Round a direction vector to an 8-way compass
Author : greghn
Score : 57 points
Date : 2022-07-25 13:11 UTC (9 hours ago)
(HTM) web link (lemire.me)
(TXT) w3m dump (lemire.me)
| bee_rider wrote:
| Is it possible to just ask... xinput or whatever joystick driver
| is used nowadays... to produce the cardinal or 8-compass
| directions? I guess it seems plausible, at least, that maybe for
| some controllers we could skip the whole conversion to/from a
| pair of floats thing, depending on what signals are sent down the
| USB pipe.
| RicoElectrico wrote:
| I wonder if some amount of hysteresis would be helpful to avoid
| switching back and forth on the edge.
| ChrisLomont wrote:
| Button debouncing is useful for all sorts of stuff like this,
| but it requires much trickier code to get right, including
| tracking some form of history.
| iainmerrick wrote:
| What's the motivation for optimising this? If it's for user
| input, you only need to call this once per frame (or at most a
| few times).
| jesse__ wrote:
| I can think of a few reasons:
|
| 1. writing a game that movement happens along 8 axes, and needs
| to trace lots of rays
|
| 2. several other reasons similar to (1)
|
| 3. had a clever idea to optimize a thing and went ham, for fun
| beckingz wrote:
| faster parsing of user input means more time for doing graphics
| and game state!
|
| Though in this case 1.5 nanoseconds vs 40 nanoseconds is small
| and won't matter for most games.
| Cthulhu_ wrote:
| More faster is more better; you only have 16 milliseconds per
| tick assuming you want to read input 60 times a second, some
| games poll even faster / have a higher frame rate.
| nmilo wrote:
| It's still a difference of 38.5 _nano_ seconds.

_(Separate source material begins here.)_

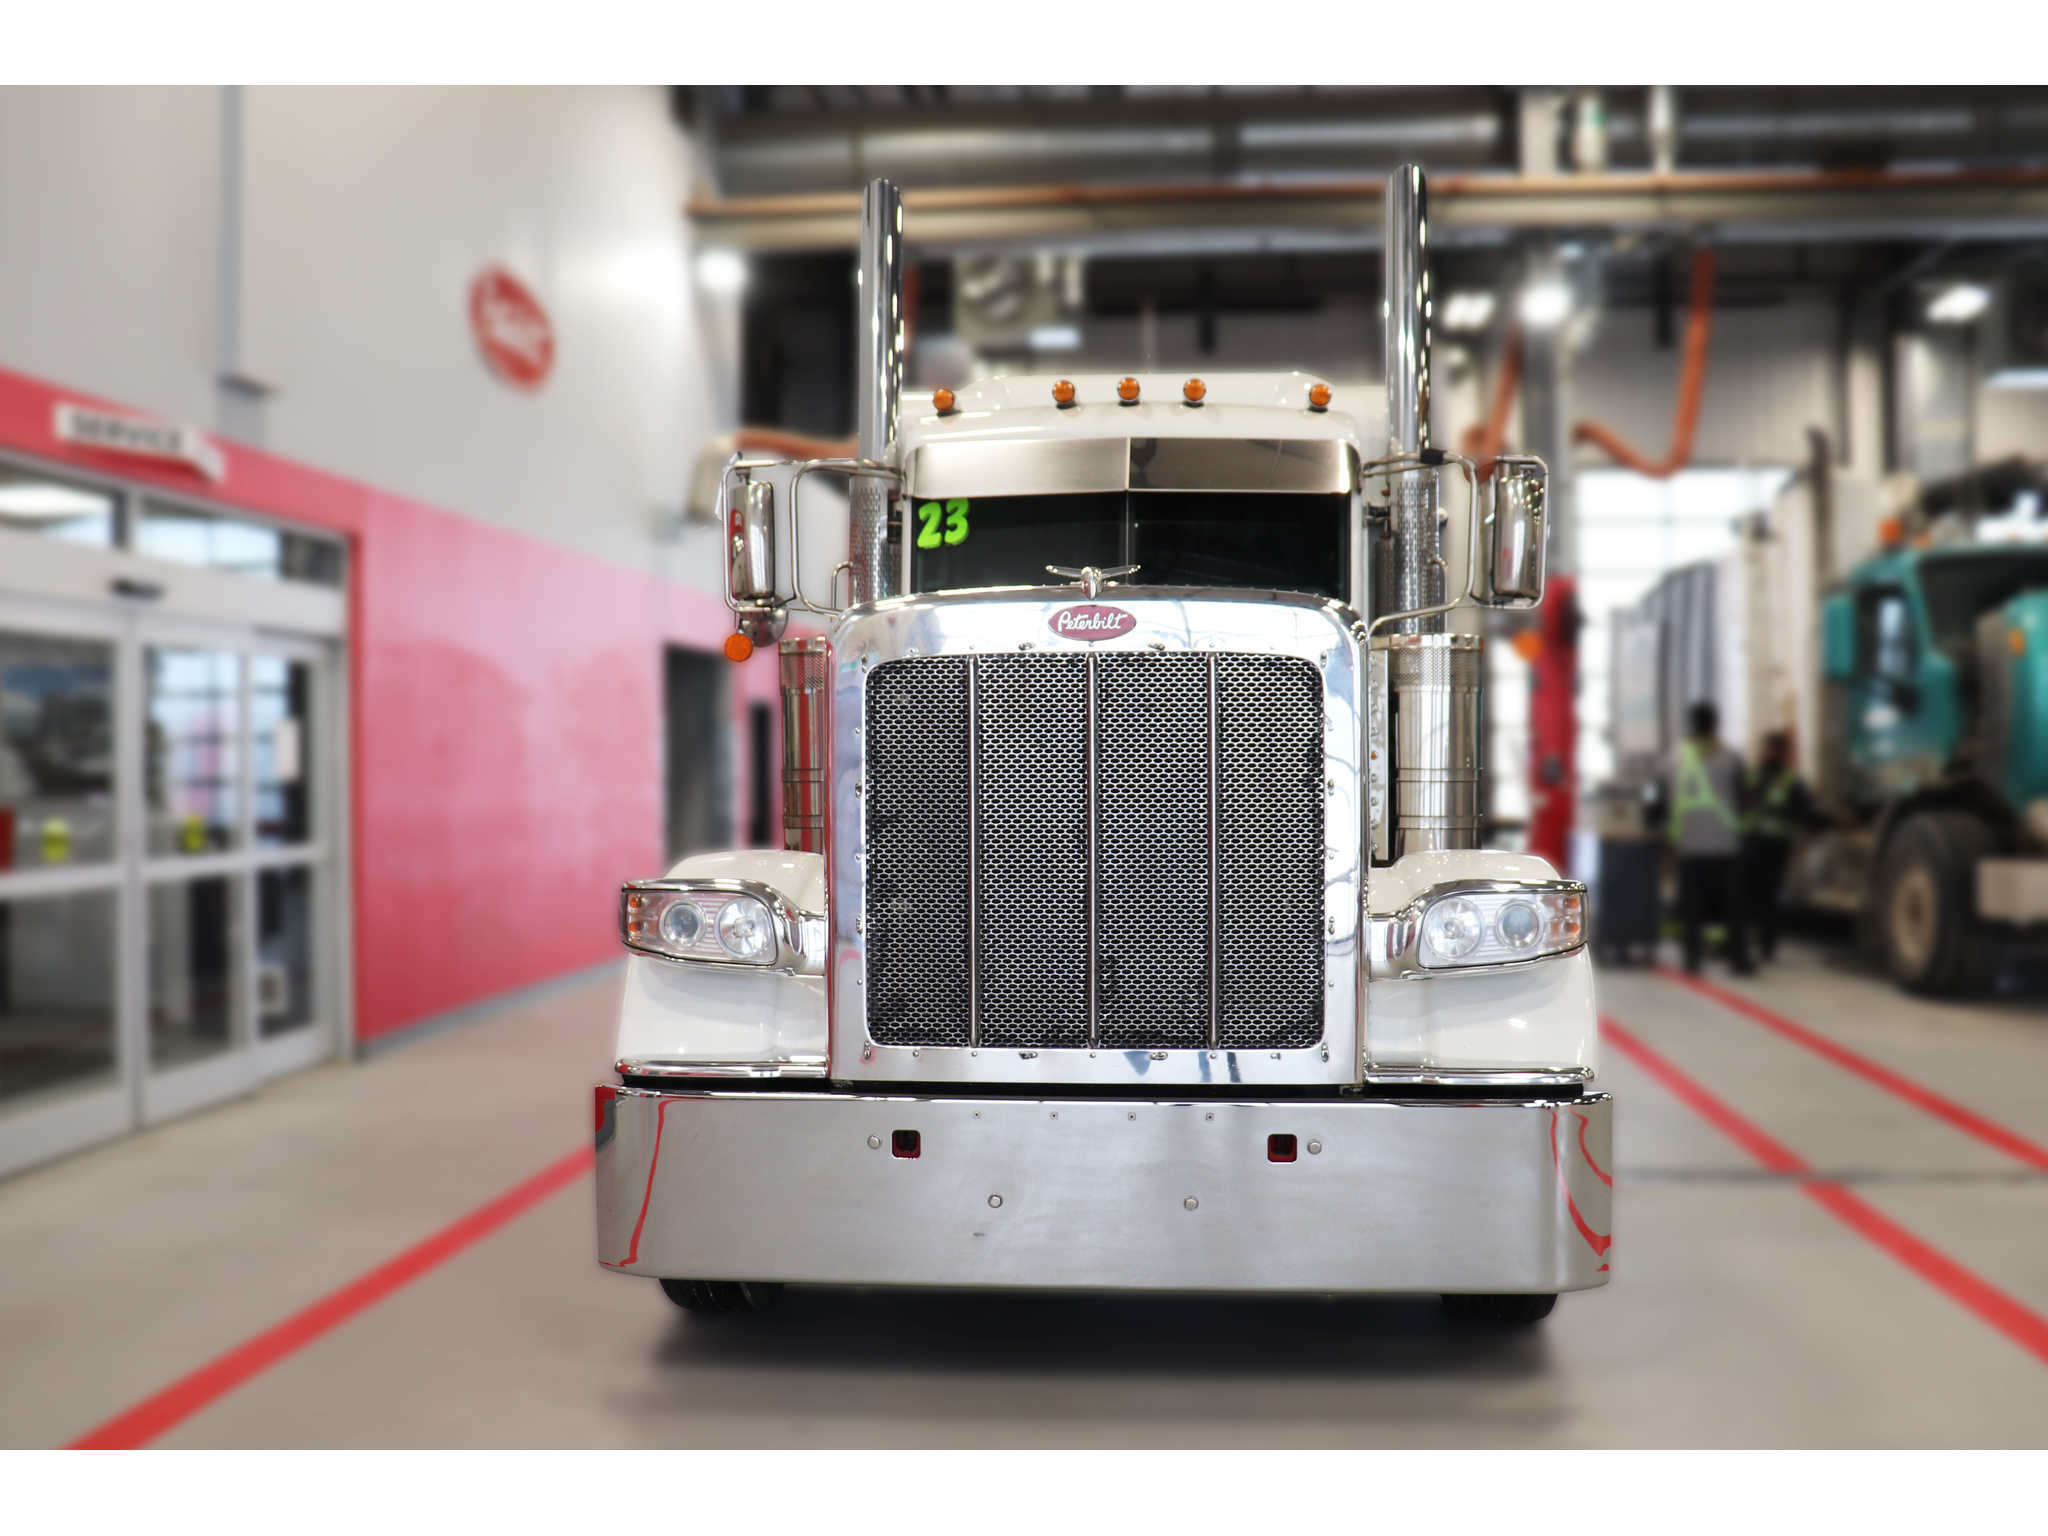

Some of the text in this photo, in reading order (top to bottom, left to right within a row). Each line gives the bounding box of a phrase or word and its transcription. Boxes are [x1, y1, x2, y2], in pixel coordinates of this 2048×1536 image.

You have a
| budget 16,000,000 nanoseconds per frame. It 's like Jeff
| Bezos writing about how to save money at Walmart; just pick
| the readable and stupid approach and move on. Game loops are
| made fast or slow by the efficiency of their tight loops: the
| render loop, physics update loop, UI loop, etc. Something
| that happens once per frame is barely ever worth considering.
| sgtnoodle wrote:
| Ok, but 40ns of 16ms is 0.00025% of your frame time.
| dahart wrote:
| It doesn't matter for user input, the 40ns won't make a
| difference even at 60fps or higher with 4 players. (Have
| written the controller processing loop for a console game
| engine.) I suspect it would be less than 40ns if float was used
| instead of double; there's no good reason to use double here at
| all. But the proposed solution is better, and super easy
| (arguably easier than atan2+sincos), so maybe no reason not to
| use it a save a few microseconds if it happens to add up to
| that much.
|
| I could imagine other uses of this code, like a UI wind map, or
| some kind of randomized maze, or something else. There might be
| reasons to round a vector of directions all at once.
| iainmerrick wrote:
| Yeah, it's a cute optimisation, and might make sense in a
| game engine; I just question whether this would ever be
| worthwhile writing as custom code in a single game.
|
| I'm not sure I agree it's more readable. The optimised
| version is reasonably regular, but it's still longer and has
| more constants, hence more opportunities for sign errors and
| the like.
|
| It feels sort of like jumping through hoops to avoid a matrix
| inversion, say. Sure, matrix inversion is "slow", but unless
| you're doing it millions of times a frame it doesn't remotely
| matter. If matrix inversion or atan2 is the most direct way
| to express a transformation, just do it that way.
| dahart wrote:
| I think the atan2+sincos version is more readable, so I
| guess we actually do agree there. But I wouldn't (and
| didn't) use that in a game engine. For rounding and
| readability in a real engine, I'd name 4 of the 8
| directions and look for the largest absolute value dot
| product. That would at least corral the constants. And I'd
| use (did use) f16 or integer arithmetic.
|
| One reason I have to support this kind of optimization and
| not reach for the trig method by default is the last time I
| wrote a controller system, it wasn't limited to something
| as small as deciding on a single dpad-like direction, it
| was a much larger system that designers could author
| controller recognizers for, up to and including drawing
| shapes like a circle with the stick, or entering a time
| based sequence of inputs (think Contra's famous up-down-up-
| down-etc-etc cheat code). If you have sequences and
| multiple players and high frame rate and many possible
| patterns to identify, that's when efficiency of these small
| operations really starts to add up. I actually spent the
| most development time ensuring that the amount of time
| spent _not_ recognizing controls was minimized, making sure
| that a no-op pass through the system was measured in
| nanoseconds and not microseconds.
| moralestapia wrote:
| This but in a 2-sphere space is what I need right now for a
| quantum computing simulator I'm coding for fun/learning.
|
| I'm doing a different thing tho, dot product vs. four cardinal
| points.
| jameshart wrote:
| Seems to rest on the assumption that an input control provides a
| vector on the unit circle, and tries to divide that into eight
| regions, corresponding to unit vectors aligned to compass
| directions. That seems like an odd assumption though - most
| analog XY inputs produce a vector with x and y components
| nominally distributed from -1 to 1, (although in practice
| constrained by calibration, and not necessarily linear in control
| stick deflection)
|
| This approach effectively divides the 'unit square' of possible
| input vectors up into a grid, based on cos(pi/8) and cos(3pi/8)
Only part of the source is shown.